Important Information About Juvenile Psoriatic Arthritis Disease
Juvenile Psoriatic Arthritis is a chronic disorder that occurs with the inflammation of joints in minors. Both males and females get affected by this disease and approximately 8-20% of juvenile arthritic patients are psoriatic arthritis patients. The average age at which JPA was diagnosed in children (Median age of onset) is 4.5 years for females and 10 for boys. Females also hold the majority among patients.
Causes and Symptoms:
Here is another mysteries disease for which, no cause has yet been identified. In most cases, psoriasis is preceded by arthritis. Hence there can be a connection between previous psoriasis infections and this disease. Genetic disorders are also taken into consideration, though no one has been able to produce substantial proof to pass the theory.
A few of the very common symptoms are associated with the joints. JPA is considered monoarticular. This means only one joint is affected at the initial stage. Quite often the fingers and toes are the first to get affected. Other joints are the hip, tendons and sole. Joints begin to look swollen, inflamed with difficulty in performing physical activities. If fluid builds up inside the joints in fingers and toes, they can even end up looking like sausages.

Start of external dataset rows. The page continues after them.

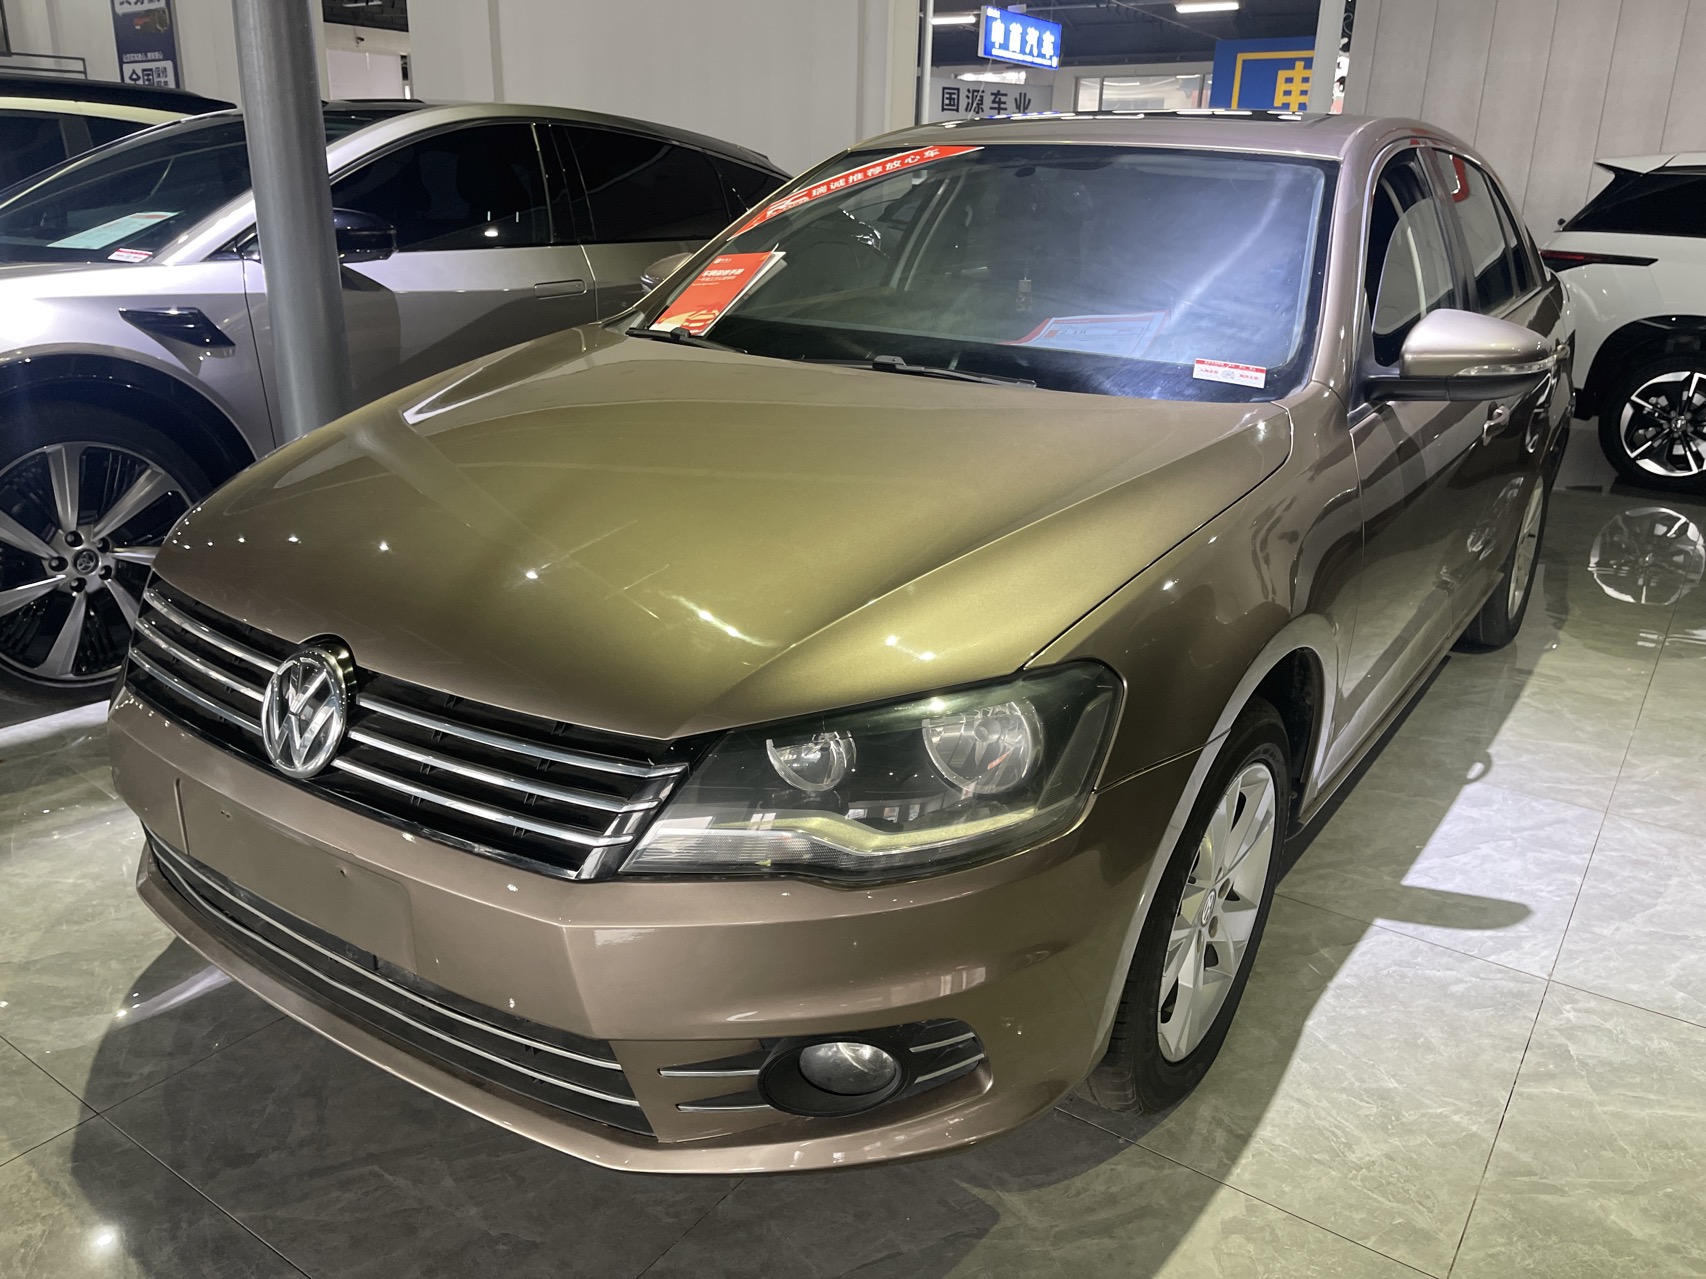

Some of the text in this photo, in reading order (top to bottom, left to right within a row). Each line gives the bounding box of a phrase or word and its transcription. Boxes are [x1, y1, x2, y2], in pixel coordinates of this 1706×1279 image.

[941, 86, 1031, 115] 国源车业
[811, 148, 941, 196] 瑞诚推荐放心车
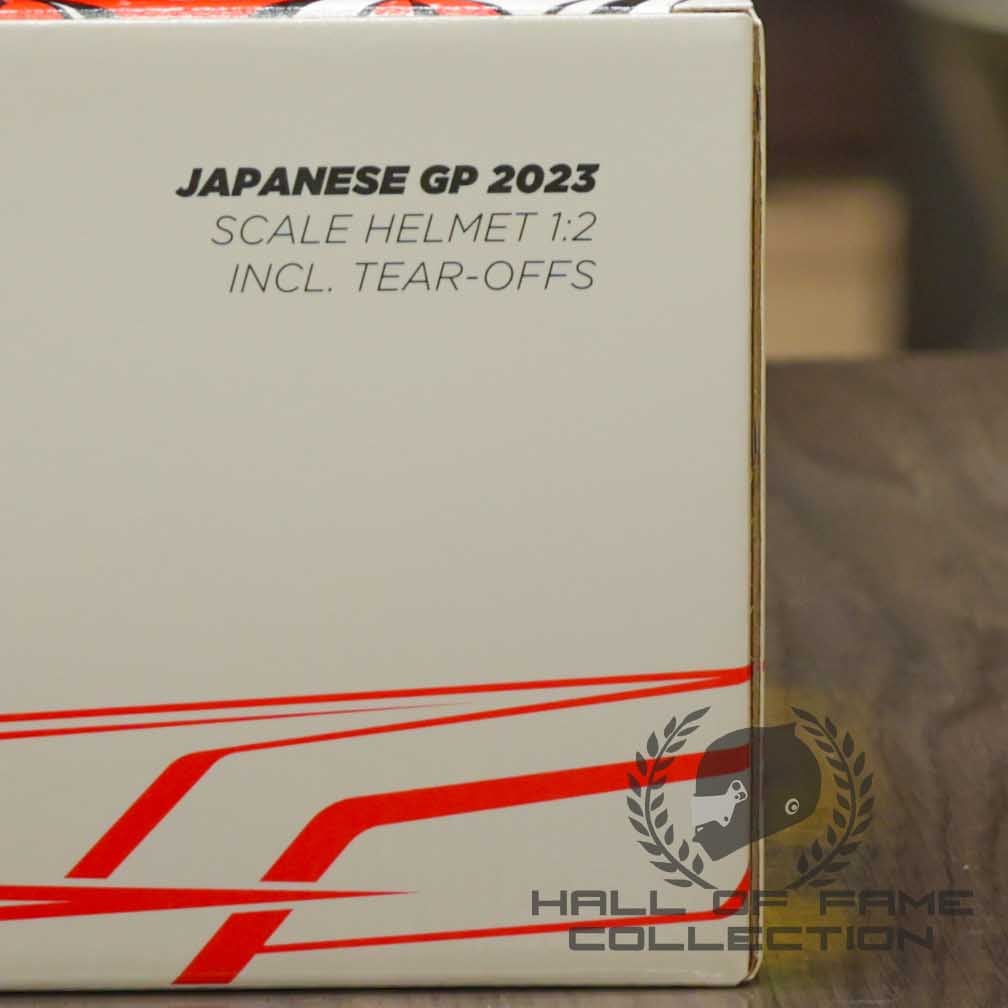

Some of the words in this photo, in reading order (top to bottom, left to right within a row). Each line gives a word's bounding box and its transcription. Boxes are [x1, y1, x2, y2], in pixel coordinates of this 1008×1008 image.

[175, 165, 411, 198] JAPANESE
[419, 164, 479, 195] GP
[487, 163, 600, 195] 2023
[210, 214, 354, 245] SCALE
[364, 211, 539, 244] HELMET
[550, 211, 598, 242] 1:2
[228, 263, 334, 294] INCL.
[355, 260, 598, 292] TEAR-OFFS
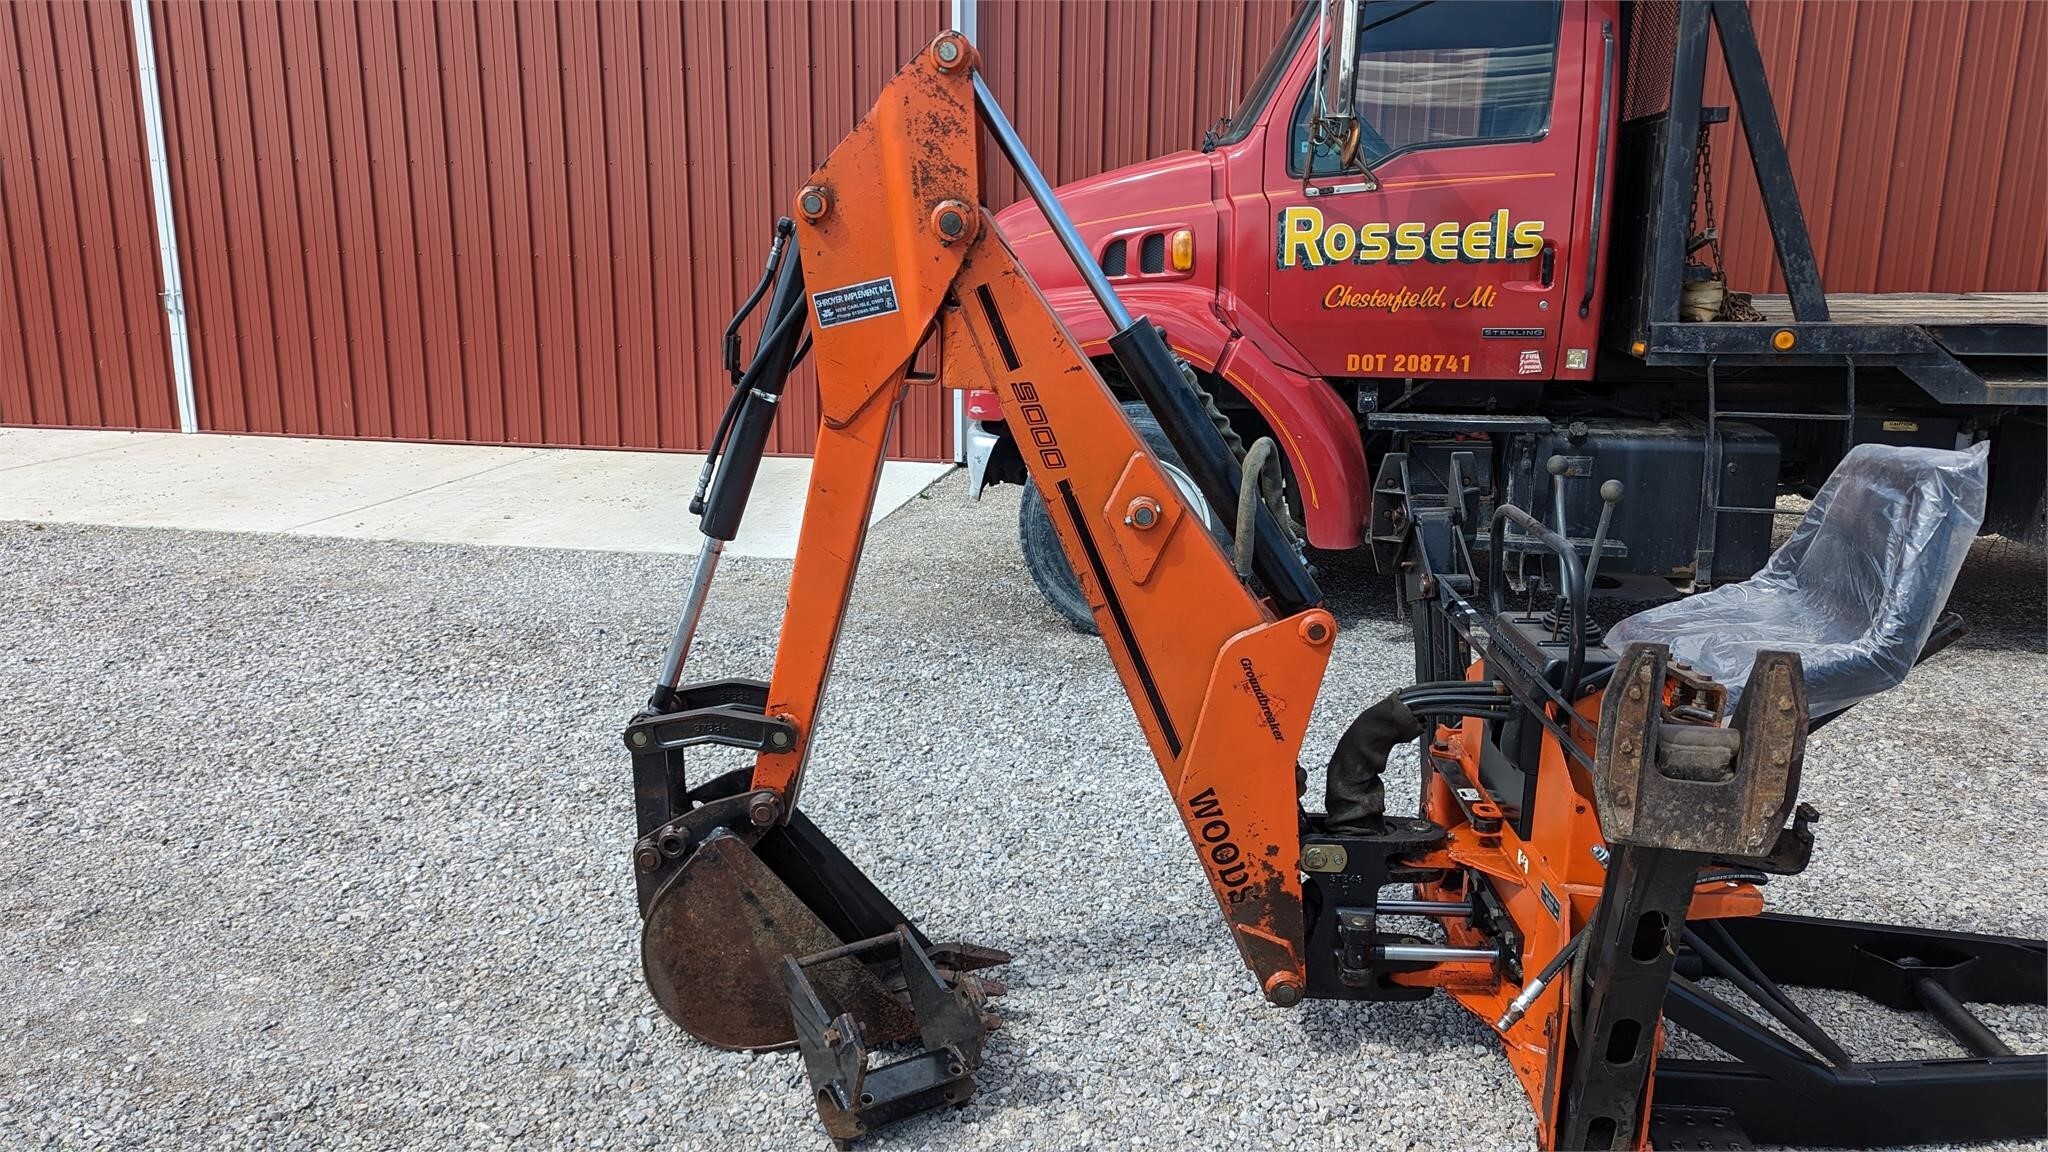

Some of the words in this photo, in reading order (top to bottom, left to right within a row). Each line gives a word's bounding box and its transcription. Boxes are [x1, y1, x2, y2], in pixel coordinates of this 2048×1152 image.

As for psoriasis symptoms, the skin begins to produce red or pink patches of skin cells. These are scaly and sometimes irritating. Often found in locations such as the affected joints, knees, elbows, navel and scalp. If the disease is mild, only a few locations will be affected. Itching and burning are some of the other associated symptoms. The nail is another area that gets affected by JPA. 71 % of children experience loosened pitted nails with horizontal lines on them.
The worst case scenario would be deformities to the joint and skeletal growth, shortening of fingers and contracture of joints. Apart inflammation to the eye, particularly in the iris and conjunctiva can result in permanent damages.
Treatment is given to manage the pain, prevent future joint deteriorations and control inflammation. Light dosages of the drugs given to adults are prescribed for children as well. In addition to this, parents are also advised to give children lots of rest and adequate physical therapy. Most of the research indicates that supplements, such as glucosamine HCL, are simply not effective.
There is no treatment method that can put a one time full stop to this disease. Once a person is in the affected zone, even after it subsides, he or she is most likely to get it again. Fortunately, Juvenile Psoriatic Arthritis is not contagious. Therefore, one must keep in mind to fix regular checkups for one’s own safety.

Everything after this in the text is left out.